MySQL 5.6 Reference Manual Including MySQL NDB Cluster 7.3-7.4 Reference Guide

8.2.2.4 Optimizing Derived Tables

The optimizer handles derived tables as follows:

Consider the following EXPLAIN statement, for a SELECT query that contains a derived table:

EXPLAIN SELECT * FROM (SELECT * FROM t1) AS derived_t1;

The optimizer avoids materializing the derived table by delaying it until the result is needed during SELECT execution. In this case, the query is not executed (because it occurs in an EXPLAIN statement), so the result is never needed.

Even for queries that are executed, delay of derived table materialization may enable the optimizer to avoid materialization entirely. Consider the following query, which joins the result of a derived table to another table:

SELECT *
  FROM t1 JOIN (SELECT t2.f1 FROM t2) AS derived_t2
          ON t1.f2=derived_t2.f1
  WHERE t1.f1 > 0;

If the optimization processes t1 first and the WHERE clause produces an empty result, the join must necessarily be empty and the derived table need not be materialized.

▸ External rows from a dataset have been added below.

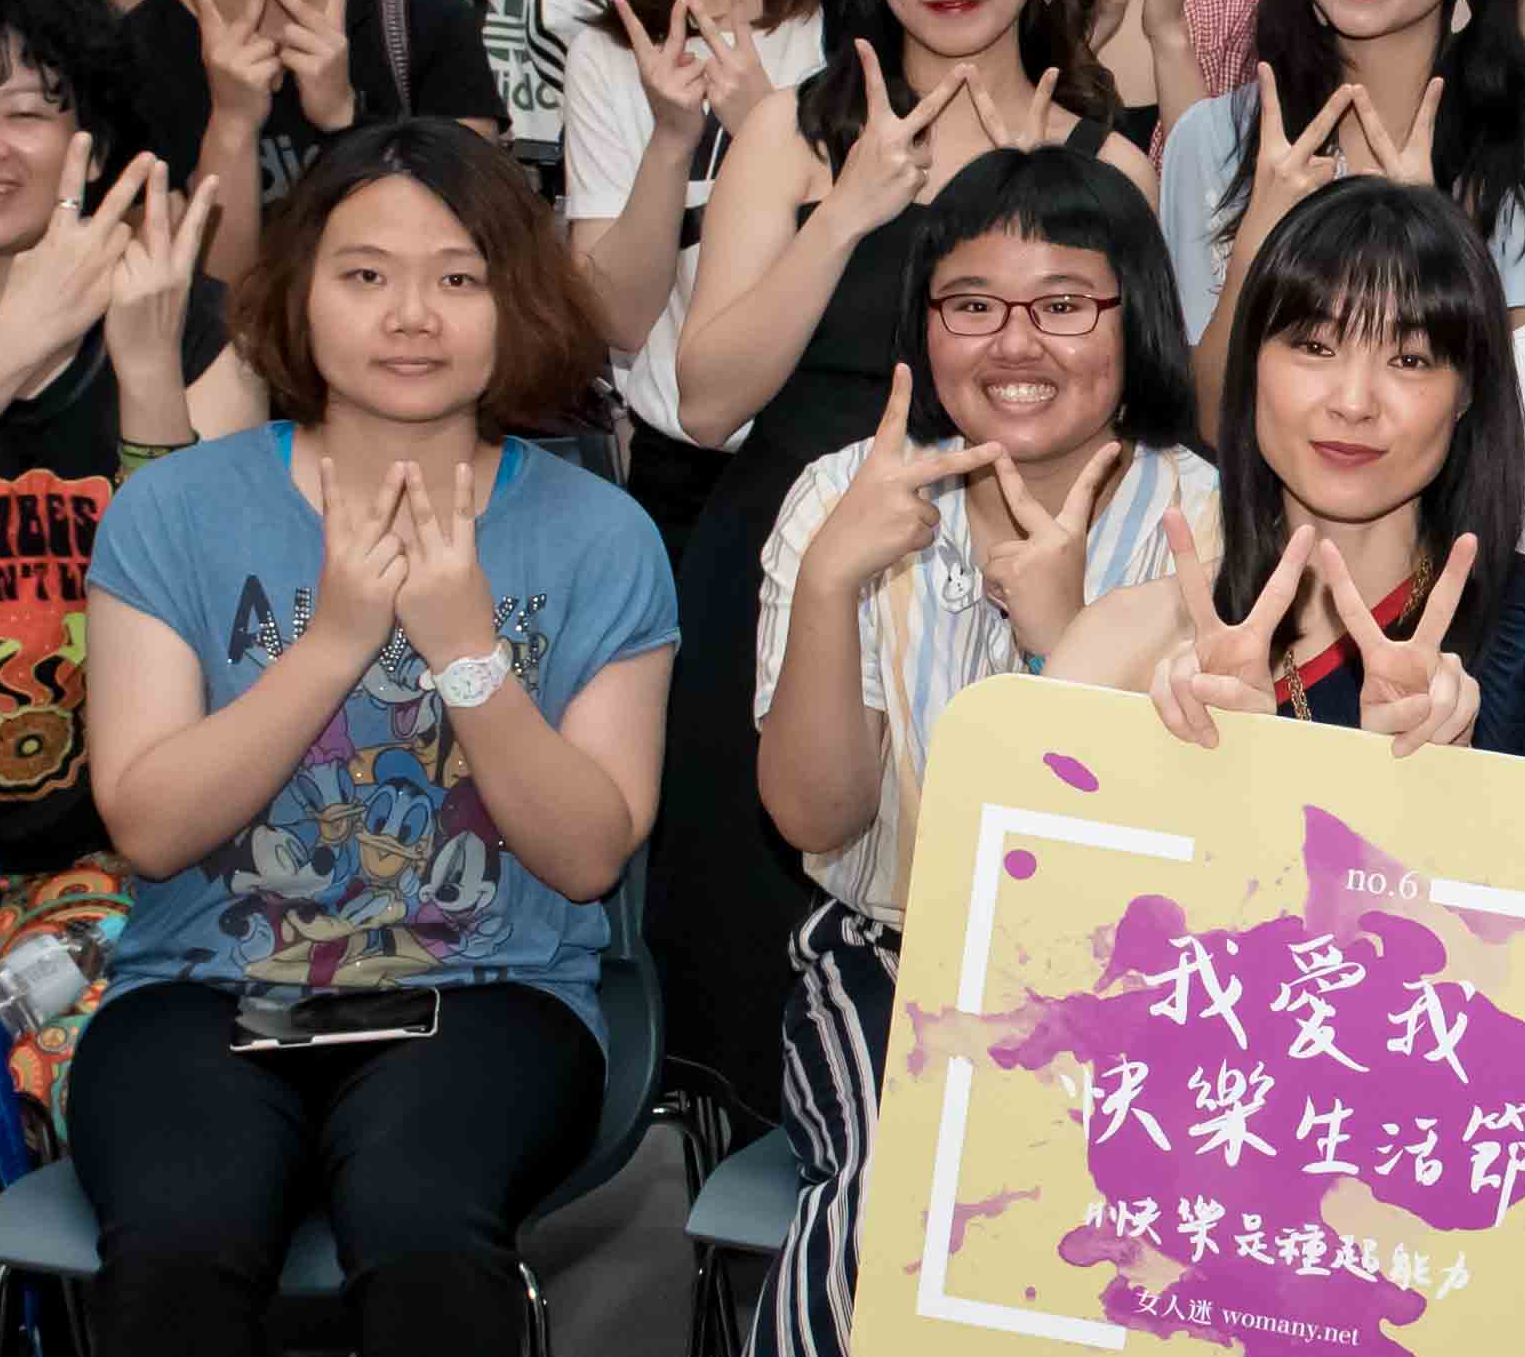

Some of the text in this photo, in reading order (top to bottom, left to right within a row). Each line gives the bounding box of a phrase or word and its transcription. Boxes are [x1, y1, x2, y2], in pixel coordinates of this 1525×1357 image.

[1345, 866, 1419, 901] no.6
[1144, 933, 1476, 1084] 我愛我
[1135, 1289, 1361, 1346] 女人迷 womany.net
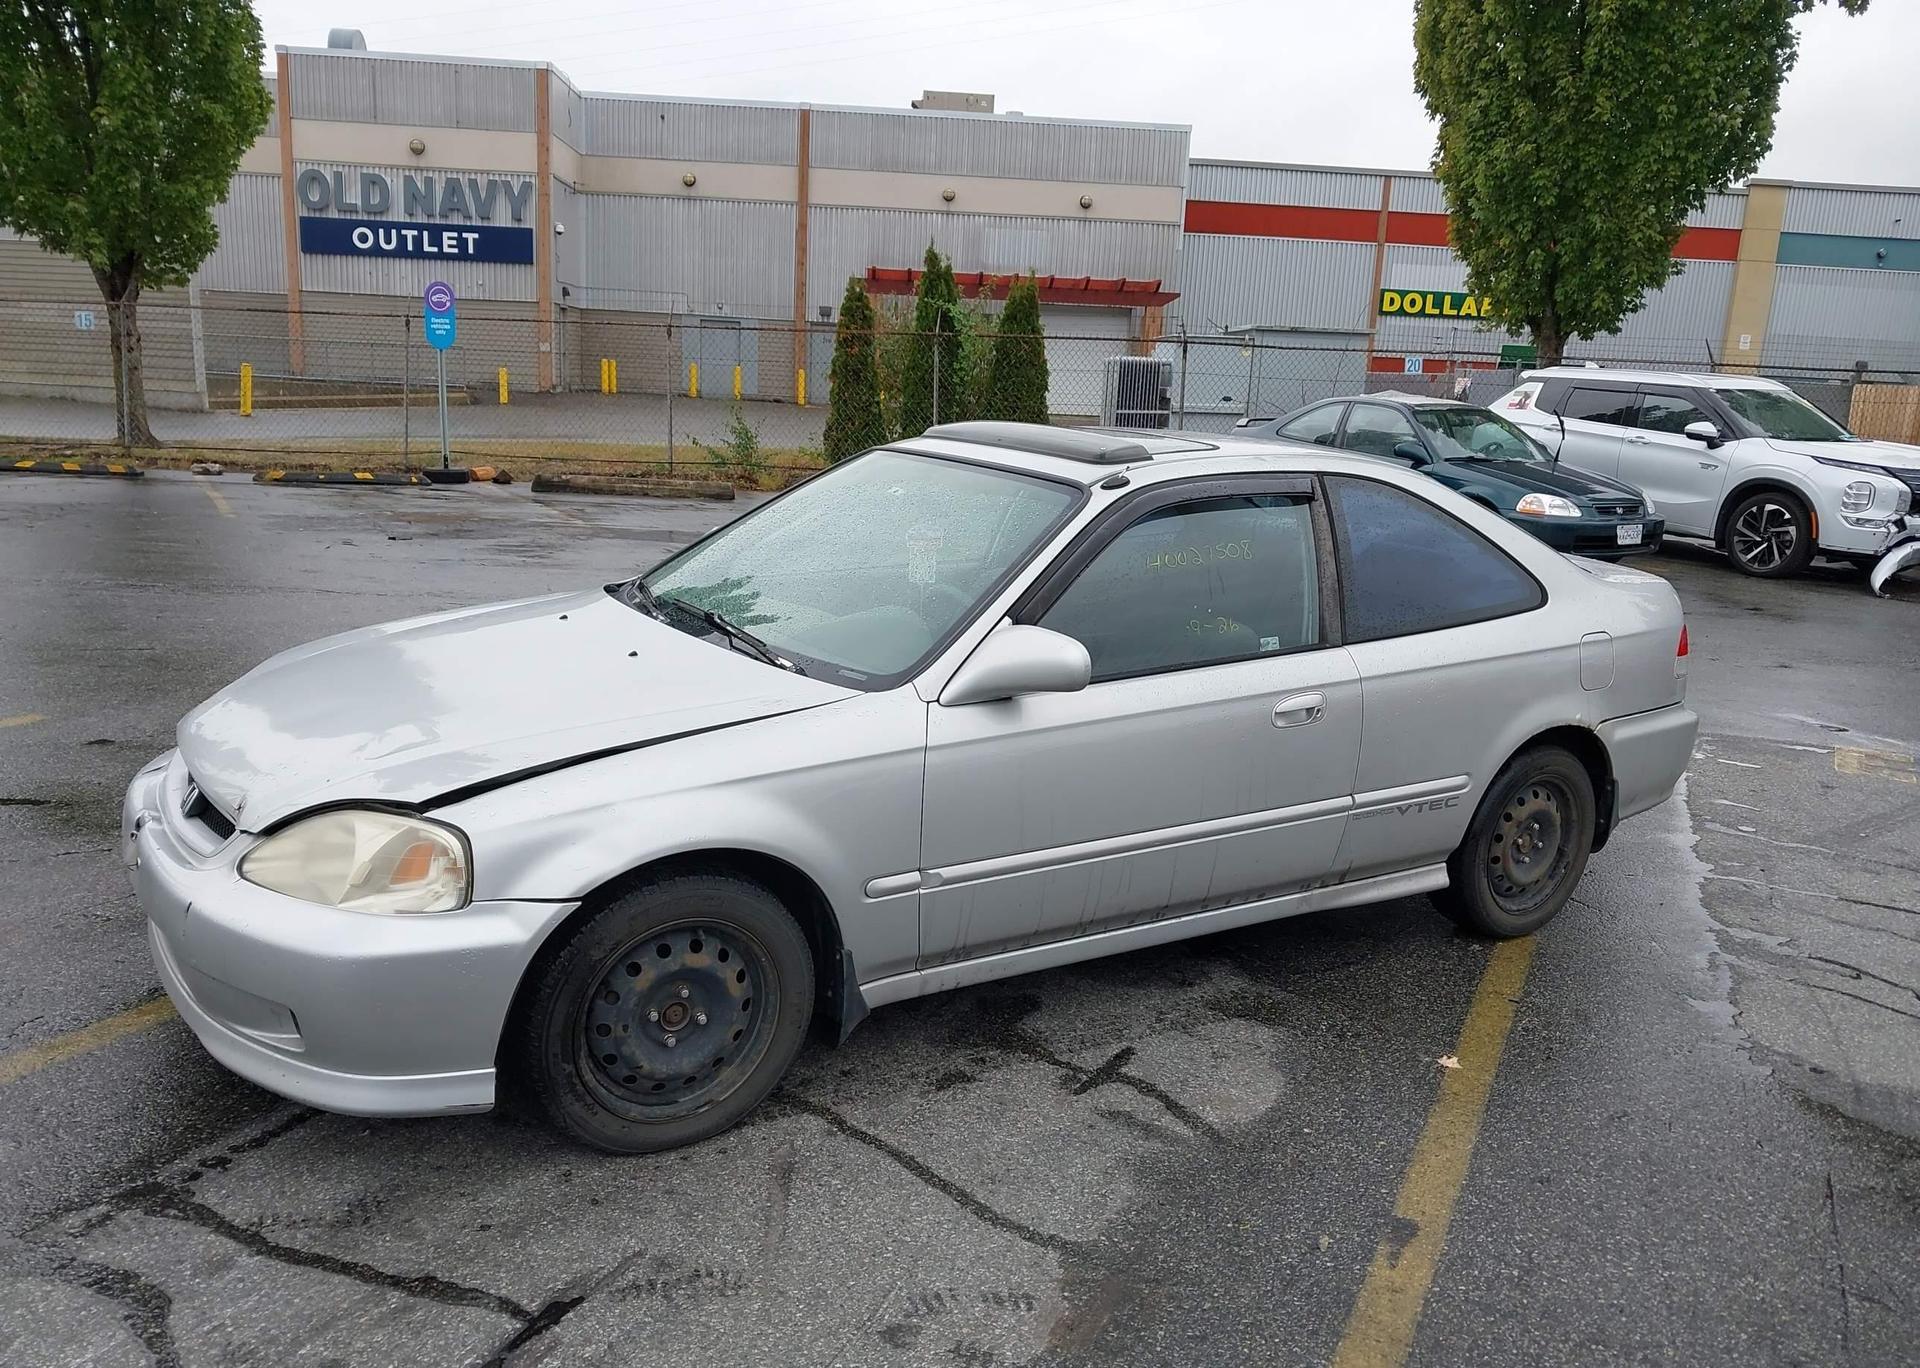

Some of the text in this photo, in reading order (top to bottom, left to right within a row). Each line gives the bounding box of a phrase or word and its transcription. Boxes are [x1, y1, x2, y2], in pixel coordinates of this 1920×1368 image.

[297, 168, 534, 223] OLD NAVY
[351, 226, 480, 255] OUTLET
[77, 313, 92, 328] 15
[1407, 357, 1421, 373] 20
[1396, 796, 1460, 817] VTEC
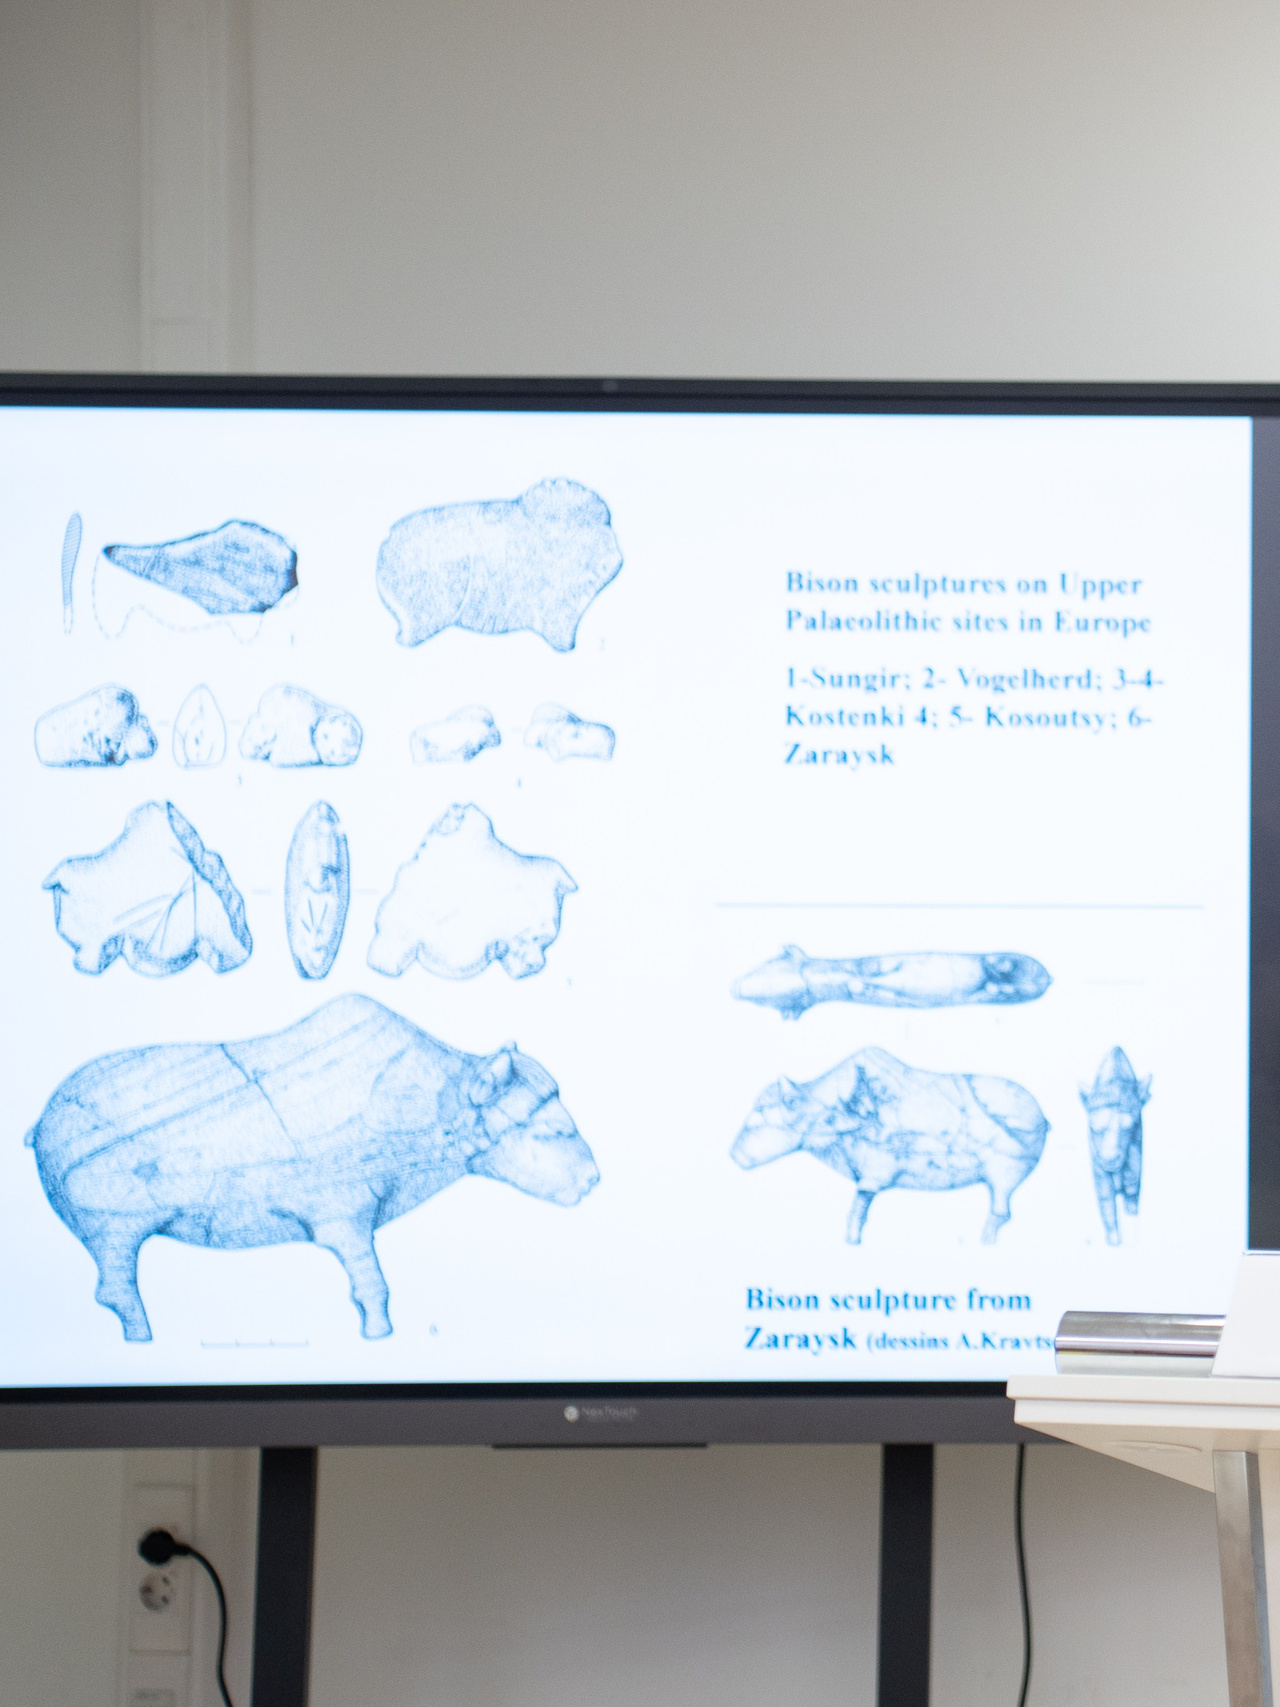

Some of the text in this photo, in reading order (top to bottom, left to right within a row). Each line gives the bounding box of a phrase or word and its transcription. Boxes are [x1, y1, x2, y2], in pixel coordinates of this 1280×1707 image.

[785, 570, 1145, 602] Bison sculptures on Upper
[785, 608, 1152, 640] Palaeolithic sites in Europe
[786, 665, 911, 694] 1-Sungir;
[922, 666, 946, 690] 2-
[956, 666, 1102, 694] Vogelherd;
[785, 703, 1153, 734] Kostenki 4; 5- Kosoutsy; 6-
[783, 741, 895, 771] Zaraysk
[745, 1286, 1033, 1317] Bison sculpture from
[744, 1326, 1056, 1356] Zaraysk (dessins A.Kravts
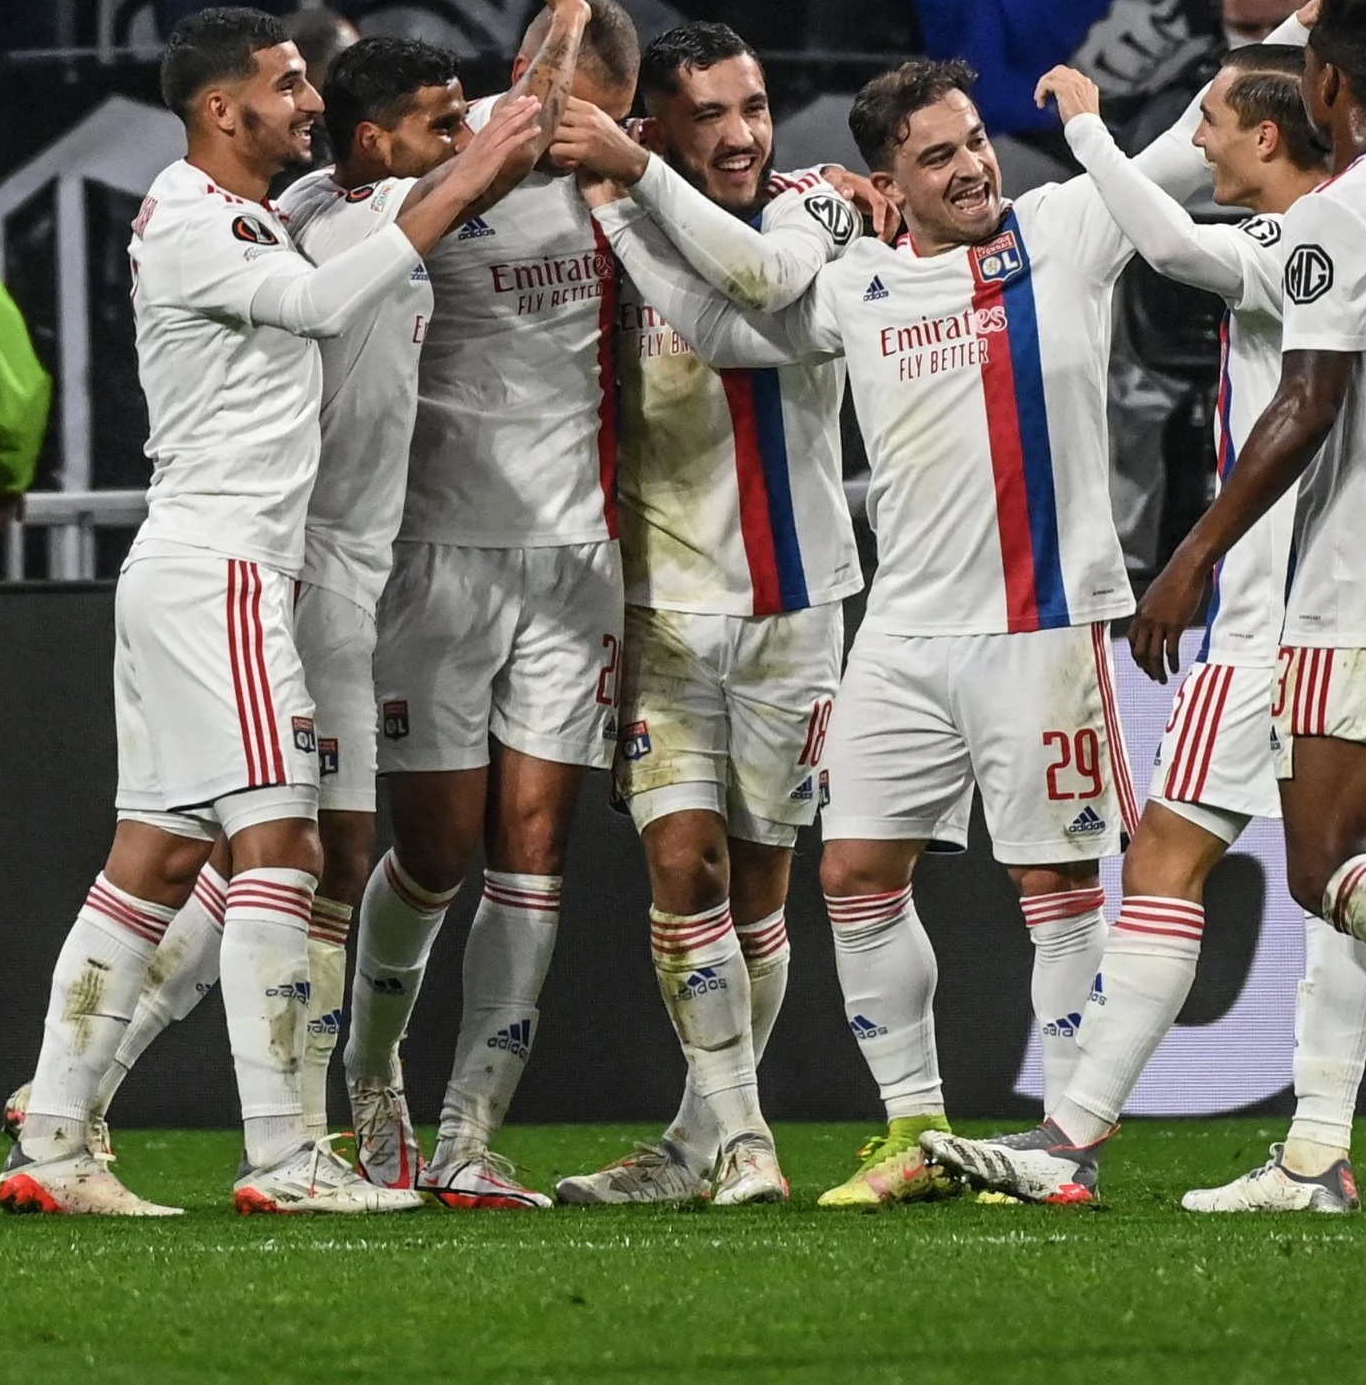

For cases when a derived table requires materialization, the optimizer may add an index to the materialized table to speed up access to it. If such an index enables ref access to the table, it can greatly reduce amount of data read during query execution. Consider the following query:

SELECT *
 FROM t1 JOIN (SELECT DISTINCT f1 FROM t2) AS derived_t2
         ON t1.f1=derived_t2.f1;

The optimizer constructs an index over column f1 from derived_t2 if doing so would enable use of ref access for the lowest cost execution plan. After adding the index, the optimizer can treat the materialized derived table the same as a regular table with an index, and it benefits similarly from the generated index. The overhead of index creation is negligible compared to the cost of query execution without the index. If ref access would result in higher cost than some other access method, the optimizer creates no index and loses nothing.

For optimizer trace output, a merged derived table or view reference is not shown as a node. Only its underlying tables appear in the top query's plan.